If you’re at all involved in the tax world, whether on the accounting side or as a business owner, you should be well aware of the 2018 Wayfair ruling at this point.
As a result of the Supreme Court’s decision in that case, almost every state with a general sales tax has implemented what many in the business refer to as ‘Wayfair Laws.’ More specifically, the ruling opened the door for economic nexus and marketplace facilitation legislation to be implemented across the country.
Now, nearly three years after the decision was rendered , the effects of these Wayfair laws are coming to a head and many groups are calling for reform to reduce the burden on online retailers.
When it comes to economic nexus and marketplace facilitation, it’s not the laws themselves that cause problems, it’s that each state has its own regulations and they can differ wildly across the nation.
Beyond the inherent complications of differing tax rates and the sheer number of state and local sales tax jurisdictions, additional complexity can be found in the application of Wayfair laws.
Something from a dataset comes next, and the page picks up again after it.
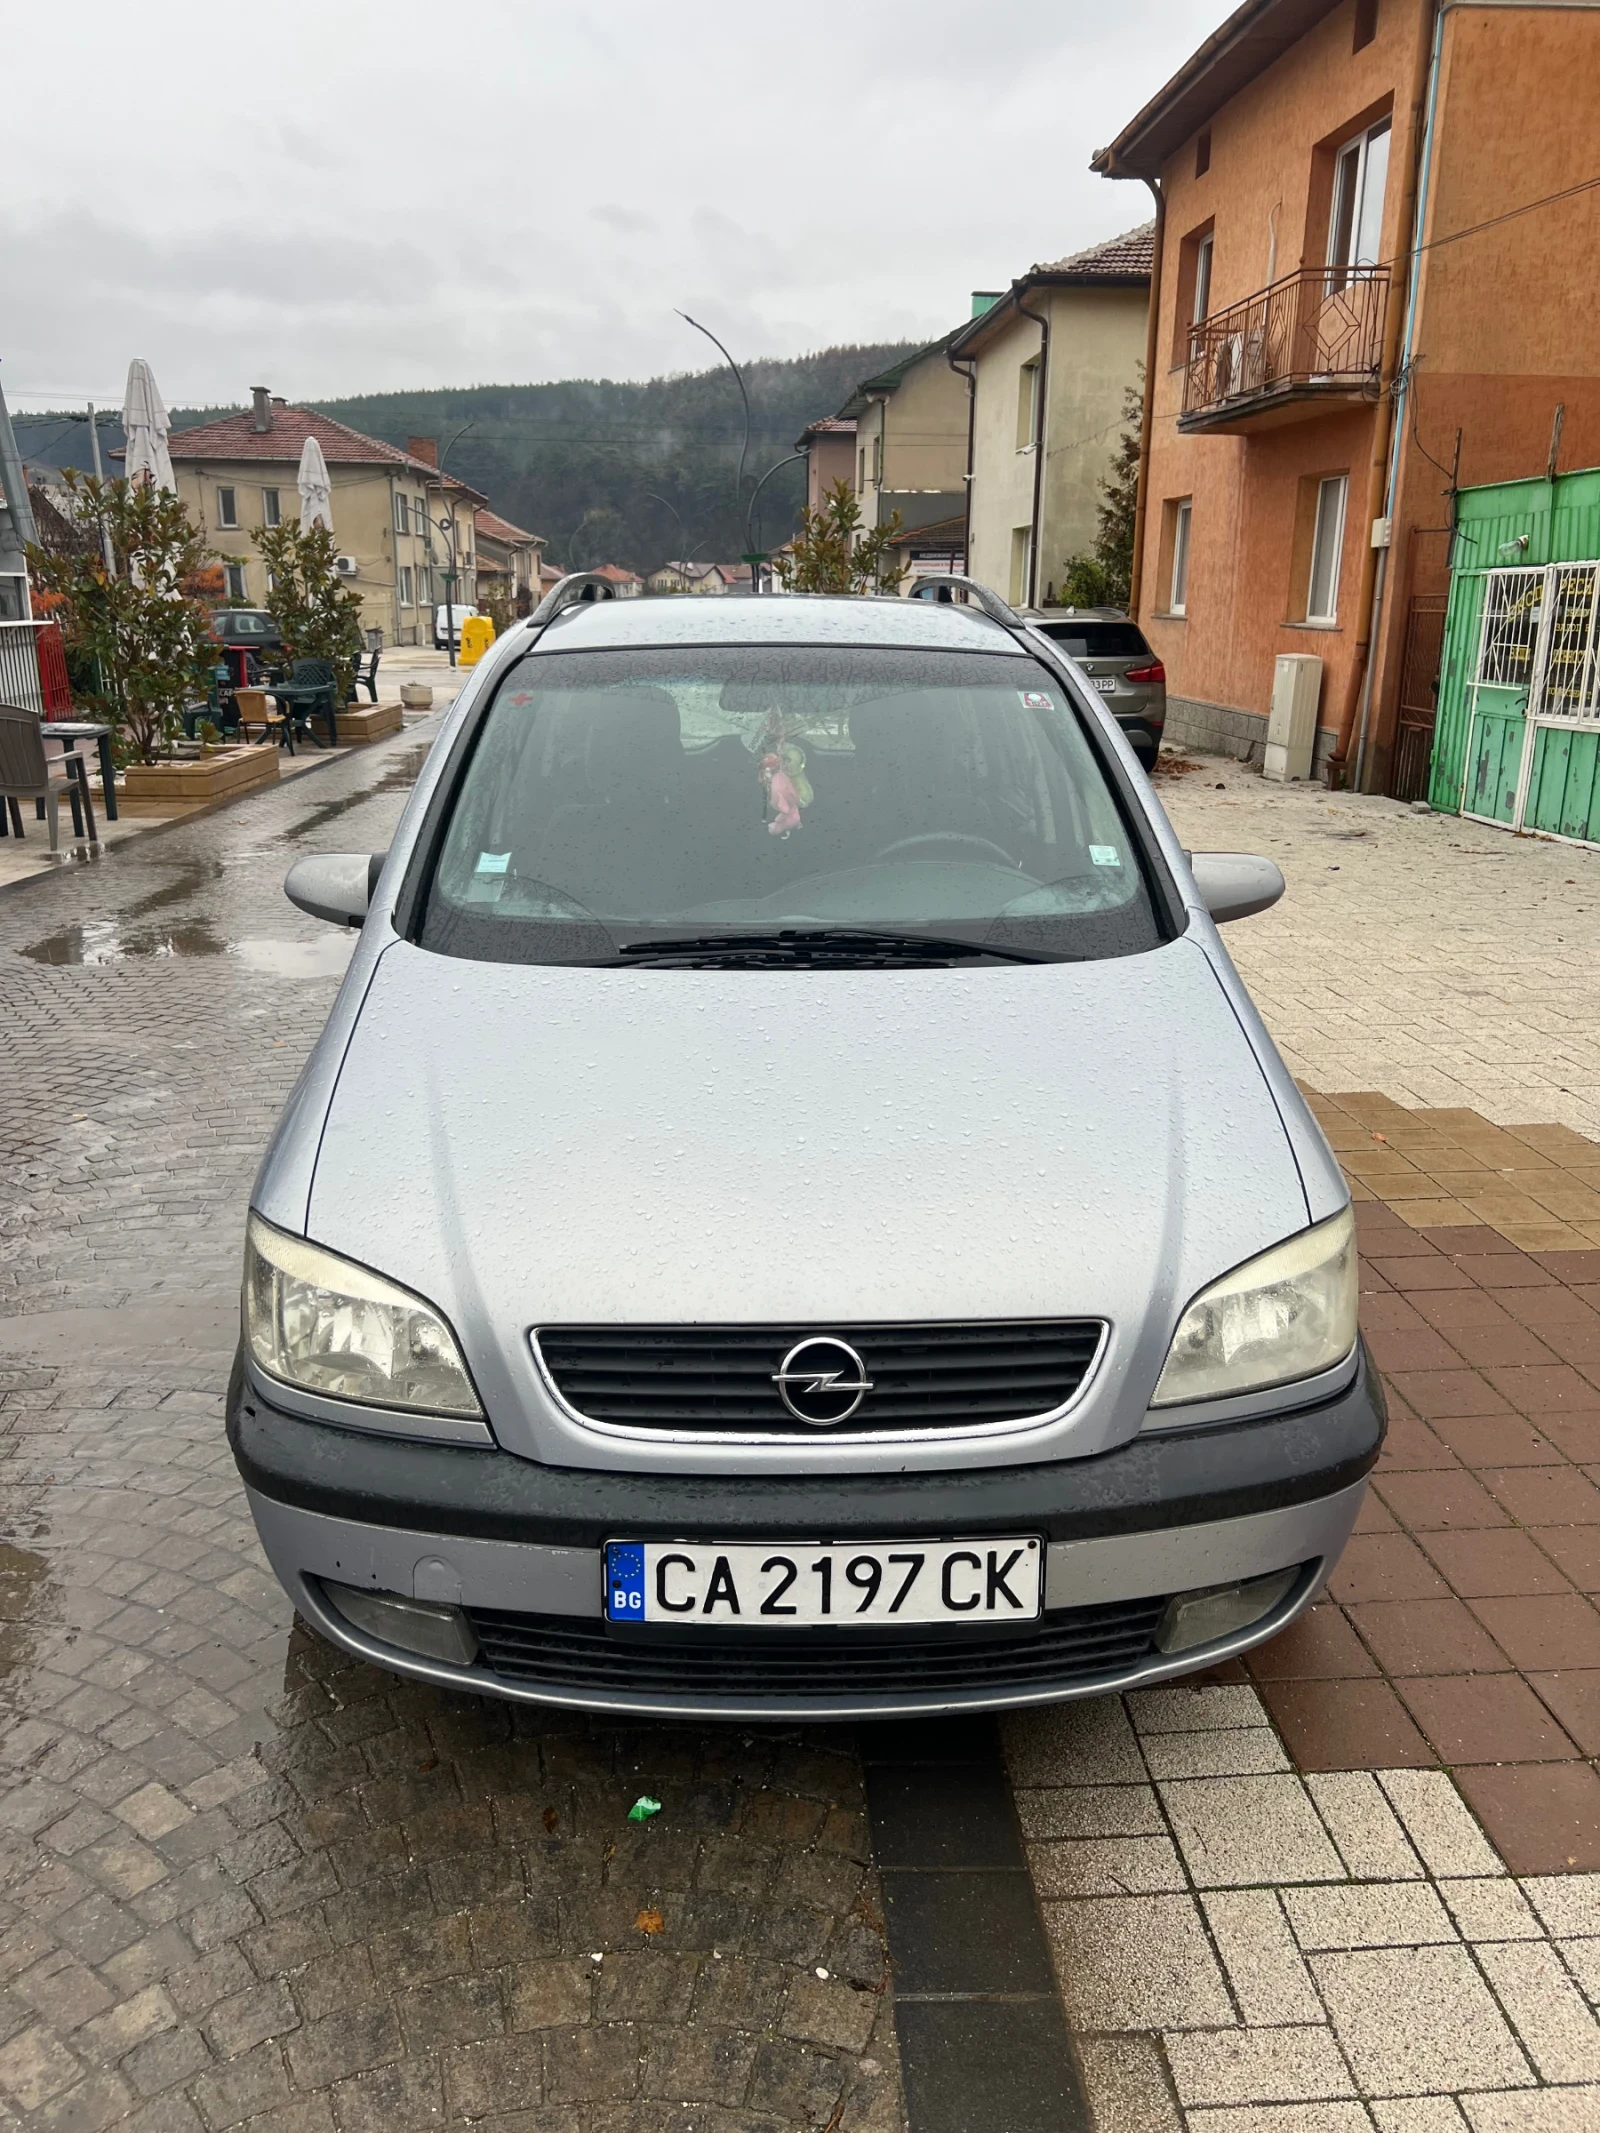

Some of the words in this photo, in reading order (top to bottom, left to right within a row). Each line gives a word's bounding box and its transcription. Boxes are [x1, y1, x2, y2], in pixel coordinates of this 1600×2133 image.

[614, 1590, 642, 1609] BG
[656, 1554, 741, 1614] CA
[760, 1553, 925, 1615] 2197
[941, 1549, 1025, 1612] CK
In most states, economic nexus is only triggered when the out-of-state retailer meets a certain threshold for sales, the number of transactions on an annual basis, or a combination of both. The same can be said for marketplace facilitation regulations. However, these thresholds are set by each state separately and the components of how they are measured can vary (i.e.; gross sales vs. taxable sales)..
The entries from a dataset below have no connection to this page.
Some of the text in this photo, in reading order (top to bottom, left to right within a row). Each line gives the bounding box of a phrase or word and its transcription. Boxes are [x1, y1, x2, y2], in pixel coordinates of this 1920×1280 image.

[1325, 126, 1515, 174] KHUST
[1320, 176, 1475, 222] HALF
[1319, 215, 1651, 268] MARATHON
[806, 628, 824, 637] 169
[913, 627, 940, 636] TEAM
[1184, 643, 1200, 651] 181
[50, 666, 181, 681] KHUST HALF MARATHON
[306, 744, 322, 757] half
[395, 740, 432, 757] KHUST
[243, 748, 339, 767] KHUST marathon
And all this complication is before we even get into differing procedures for sales tax audits and varying requirements for submitting tax returns.
All said, small- or medium-sized companies that lack large accounting departments, the resources to hire a vendor or the budget to purchase software to manage Wayfair-related tax obligations, are suddenly finding themselves in a rather sticky situation.
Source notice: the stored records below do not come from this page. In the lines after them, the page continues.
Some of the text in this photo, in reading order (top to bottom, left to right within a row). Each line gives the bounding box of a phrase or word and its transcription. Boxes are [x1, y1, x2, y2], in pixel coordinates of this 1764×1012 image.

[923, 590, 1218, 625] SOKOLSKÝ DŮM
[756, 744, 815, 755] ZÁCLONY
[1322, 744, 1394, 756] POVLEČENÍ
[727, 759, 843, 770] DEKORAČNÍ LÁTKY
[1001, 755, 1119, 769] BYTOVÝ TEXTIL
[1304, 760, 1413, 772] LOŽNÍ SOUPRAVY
While the agreement proved popular in certain circles, only 23 state have adopted it since its implementation, limiting its effectiveness in regards to the Wayfair situation.
Instead, many retailers and concerned parties are looking for federal action. However, any action by the federal government will be slow going and, in the meantime, retailers are struggling to deal with the burden that Wayfair laws have created.
To keep ahead of tax obligations and ensure compliance, the only option for these retailers have is to stay proactive and informed when it comes to Wayfair laws and their application. This is especially hard when these laws continue to change as states refine legislation to best suit their needs.
Three years out from the Supreme Court’s ruling in Wayfair, we still have discussions with clients every day (yes, truly, every day) about how the rules work and how they impact the clients’ businesses. So, of course, we are at the ground level to see how these rules have impacted companies of all sizes. The important thing, from our perspective, is to address these issues early. And make sure you understand any exposure that might be out there relative to retroactive non-compliance. We can assist with identifying and mitigating sales tax exposure risk – we do it, literally, every day! (So you’re in good company.)
If you have questions regarding your online sales tax liabilities, or any other state sales tax compliance questions, please contact us today. We’re happy to clarify any multi-state tax issues you’re trying to navigate.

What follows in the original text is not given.